I slide the key into the ignition and throw my leg over her, my body finding the curve of the seat. With the stand still down and one foot on the peg, I hit the ignition. She roars to life, the throb of the engine a beautiful sound. I sit for a moment like that, one foot still on the ground, examining, remembering her dials and display. I hop off again, walk over and pick up my old riding jacket, and my beautiful, brand new helmet, while she throbs, waiting for me.

Standing by her side I slip my helmet on, it’s a dream of a helmet, so much better than the bottom of the range one I had previously. It is also a present, along with getting the bike back on the road. It fits so snugly to my face, I slide the internal tinted visor into place and I think it is the most perfect helmet I could ever ask for. Shrugging into my jacket, hoping there is no nasty spider surprises in it after years of shed storage, I’m ready to go.

I slide into the seat and flip the clear visor down till it clicks. My hands are tight on the grips, I breath out, relax my hold. Kicking the gears into first, I ease down the drive way, letting my instinct take control. My eyes are up searching out the direction I want to go in and I’m moving. My street is a short cul-de-sac, and I’m at the first intersection before I’m even settled. My left hand is rusty as it searches for the blinker switch, and I need to look down to find it.

I make the right hand turn that will take me out towards the main road and for the first time in years, I twist the throttle. The old familiar joy is instant in that moment, my body tenses as I kick it up to second and then third, riding far too fast for this surburban street, but unable to contain the pure joy the wells up inside of me as I feel her spring forward.

I have no real plan, no idea where I’m going, but I turn out onto the motorway, where I can bring her up to speed. I feel the wind buffeting me, touching my skin even through my jeans. The feeling is indescribable, cool, but warm at the same time. I head out towards the M1 and turn north, relearning the feel of being one with the bike. I cruise on the highway for a while, the feeling of freedom and the open road, reminding me of the girl, a long time ago who dared to dream. So much has changed since I first dreamed of taking on the open road, and yet this part of me is still bright, luminescent, even in this moment, a free spirit still burning inside the grown up version of me.

I miss the exit I was thinking of, but I don’t really care, I keep riding and head off on the next, realising as I do that actually fate has given me the perfect road to reconnect. It’s funny how, once you are on the right path, life suddenly stops being a struggle and just what you need appears in your path. I feel this today as I ride, fate pushing me up one exit to the perfect backroad. Twisting and turning, the road surface has just been redone for most of the road and it is smooth and flawless, the corners beautiful opportunities to lean the bike into them, trusting the tires, the road and myself to slide smoothly around each bend.

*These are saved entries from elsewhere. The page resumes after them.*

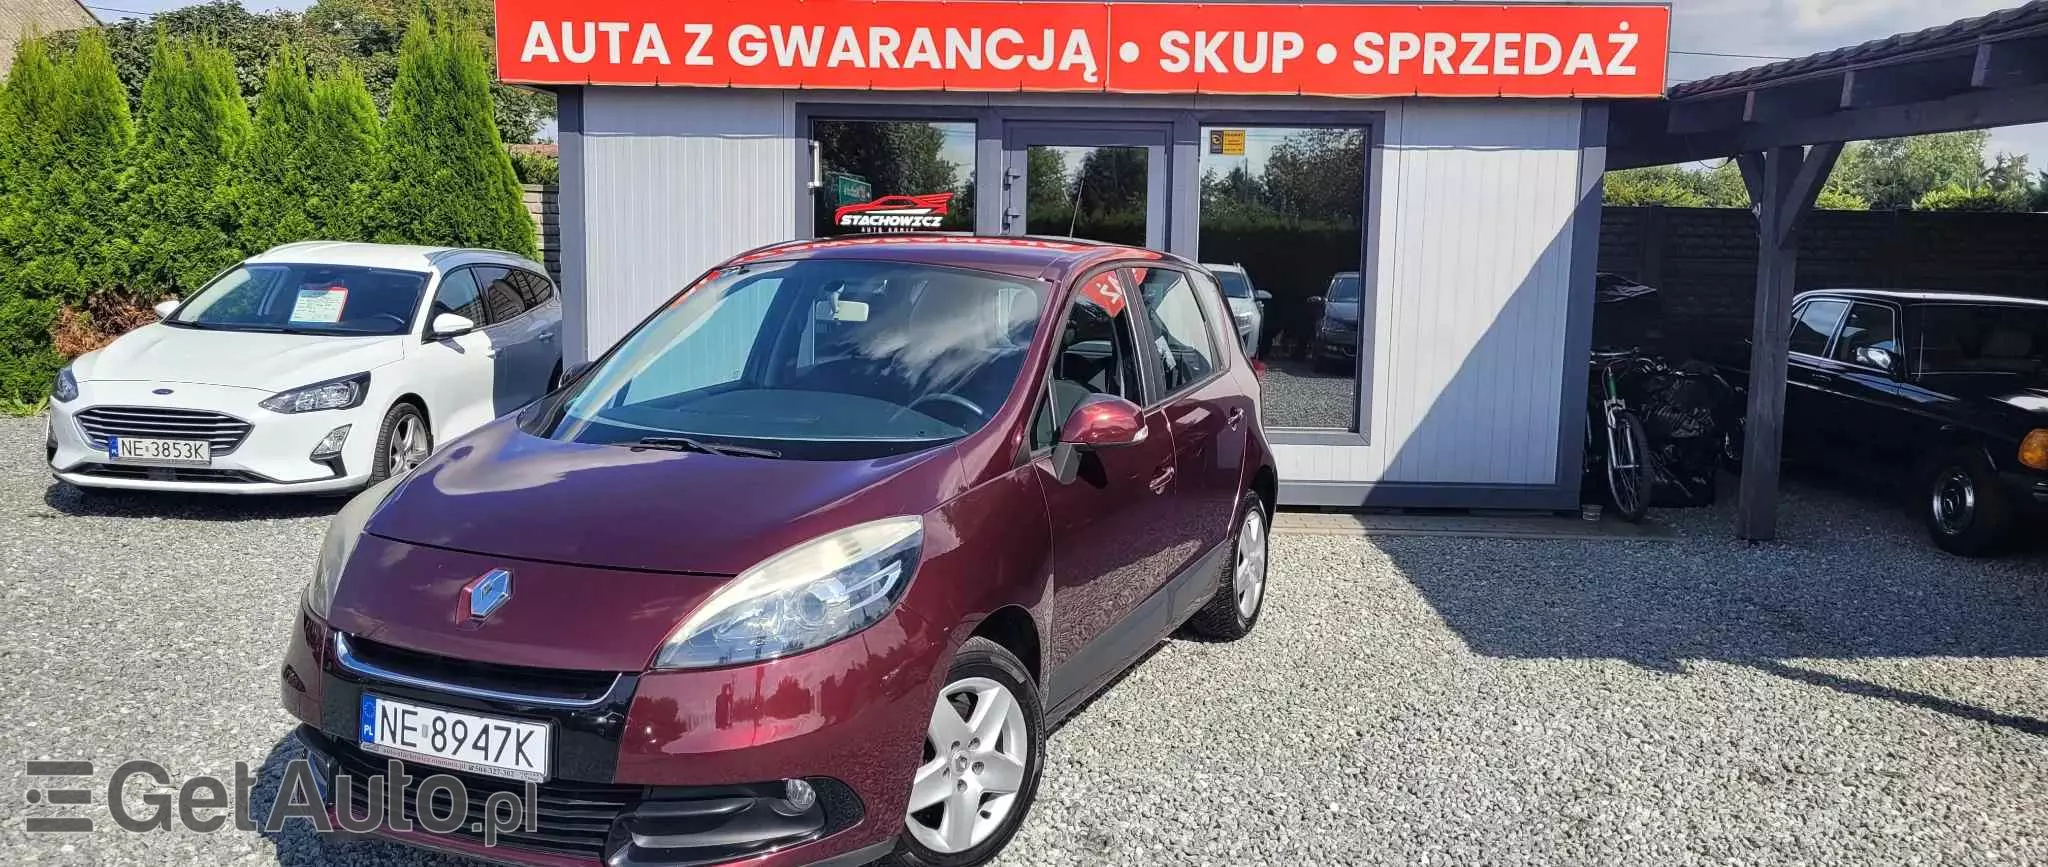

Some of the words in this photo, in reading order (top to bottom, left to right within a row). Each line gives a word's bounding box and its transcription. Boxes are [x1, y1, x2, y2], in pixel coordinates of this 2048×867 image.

[521, 20, 672, 65] AUTA
[685, 25, 714, 65] Z
[728, 25, 1098, 82] GWARANCJĄ
[1159, 30, 1304, 73] SKUP
[1352, 21, 1638, 76] SPRZEDAŻ
[840, 215, 944, 227] STACHOWICZ
[121, 440, 143, 457] NE
[151, 442, 204, 459] 3853K
[363, 724, 374, 736] PL
[380, 704, 418, 748] NE
[431, 715, 534, 768] 8947K
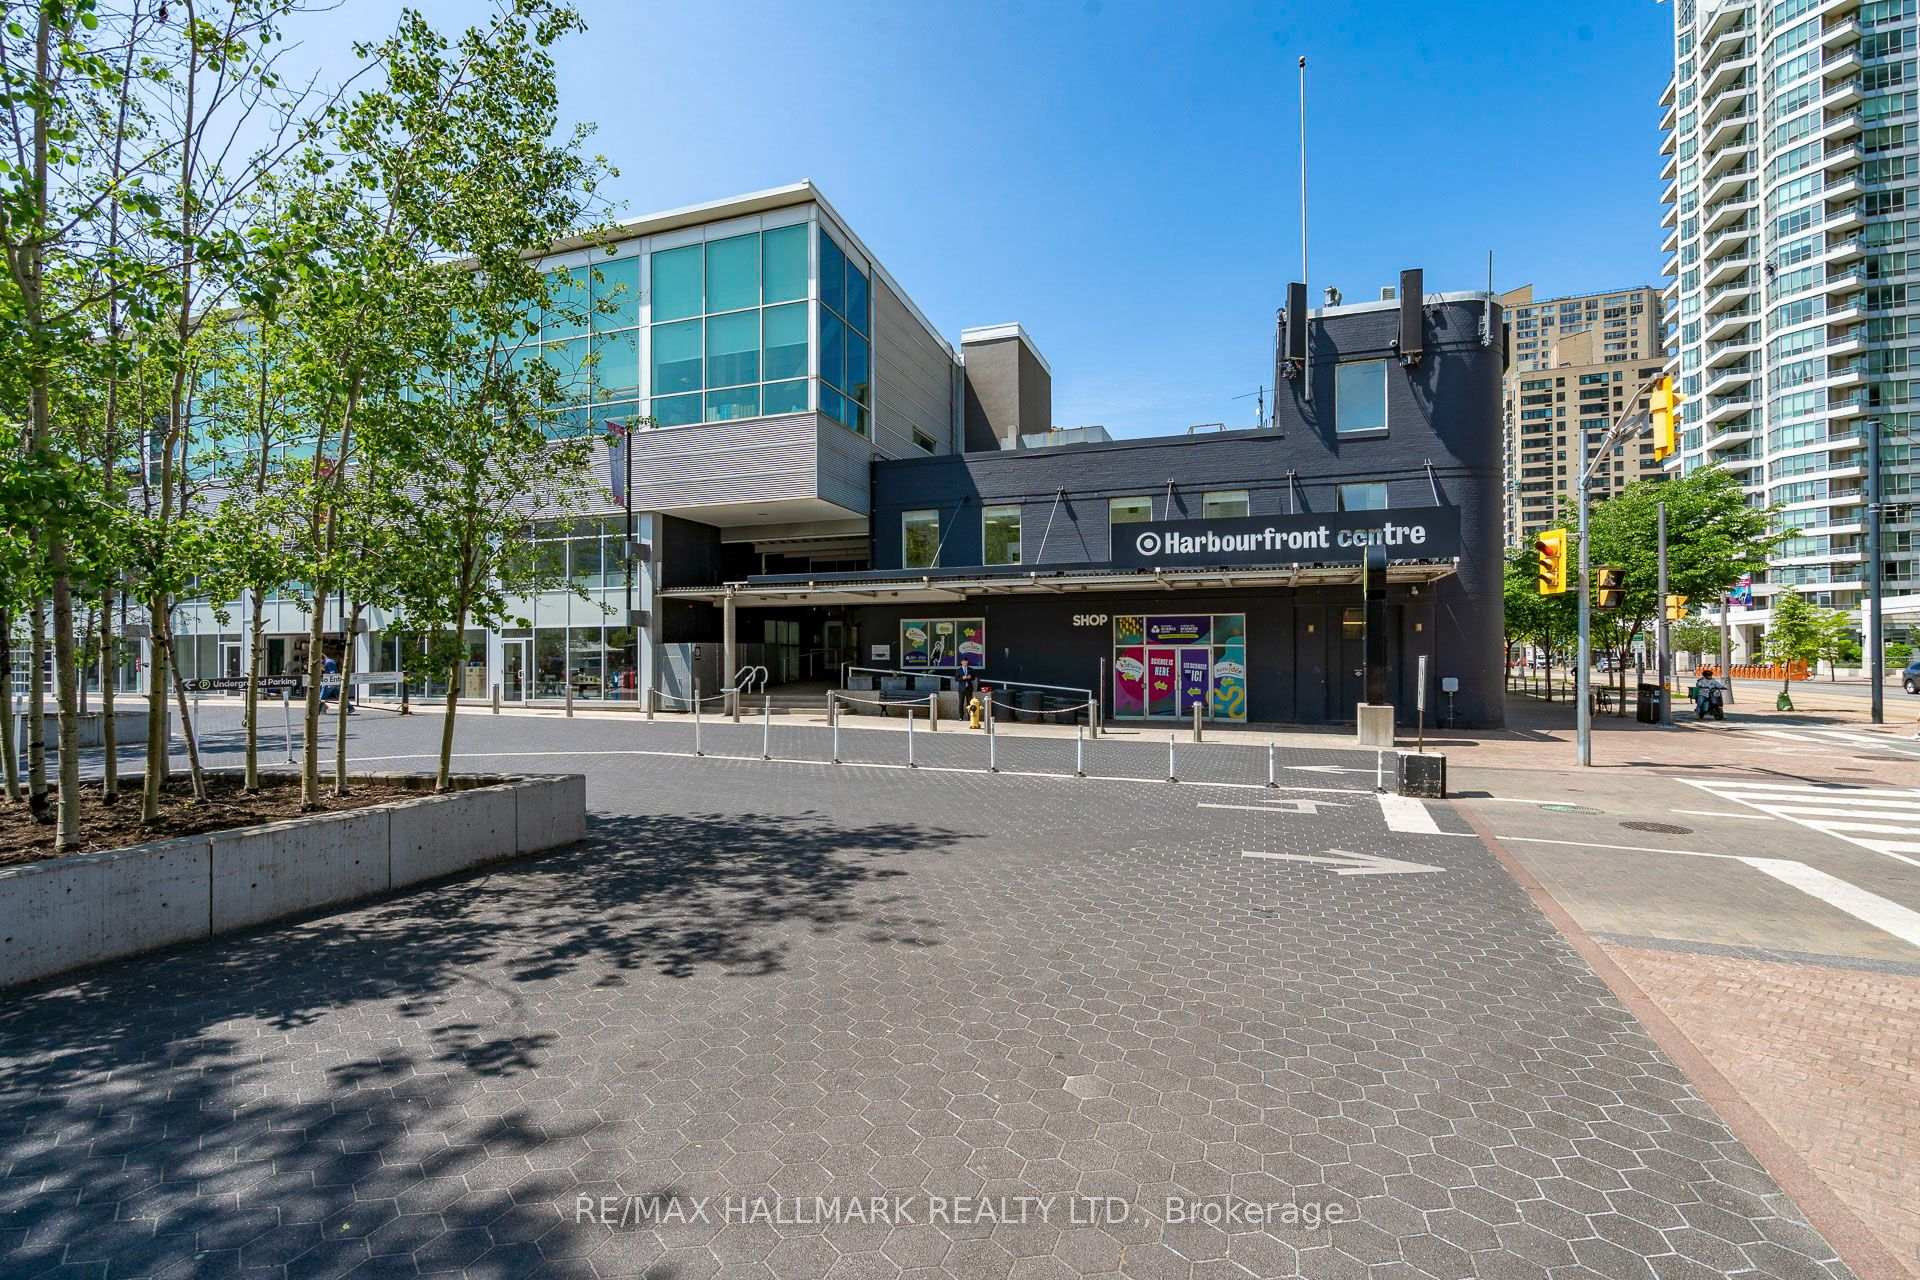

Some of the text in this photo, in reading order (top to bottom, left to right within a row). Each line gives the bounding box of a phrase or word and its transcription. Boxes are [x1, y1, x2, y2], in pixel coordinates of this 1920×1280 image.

[1164, 521, 1426, 555] Harbourfront centre
[1072, 614, 1108, 626] SHOP
[1191, 669, 1203, 682] ICI
[213, 679, 267, 689] Undergrnd
[268, 677, 297, 687] Parking

I feel my confidence flowing back as I ride, I hadn’t even recognised how much confidence I had lost. I head back down south, a loop that takes me past the beaches and a host of memories. It’s funny how I can drive past these places every day in my car without opening the pandora box, but the act of being on my bike seems to short circuit the locking mechanism in my mind, and old memories come tumbling out. But for the first time, I’m able to look at them and be okay. It’s like I’ve crossed an invisible line today.

I cruise home and I know that this is just the start of regaining the freedom of the ride. I’ve broken the heartbreak spell, and the joy of the ride is no longer something I want to hide from. I’m ready to feel the power and joy riding brings me. I’ve taken it back, as mine.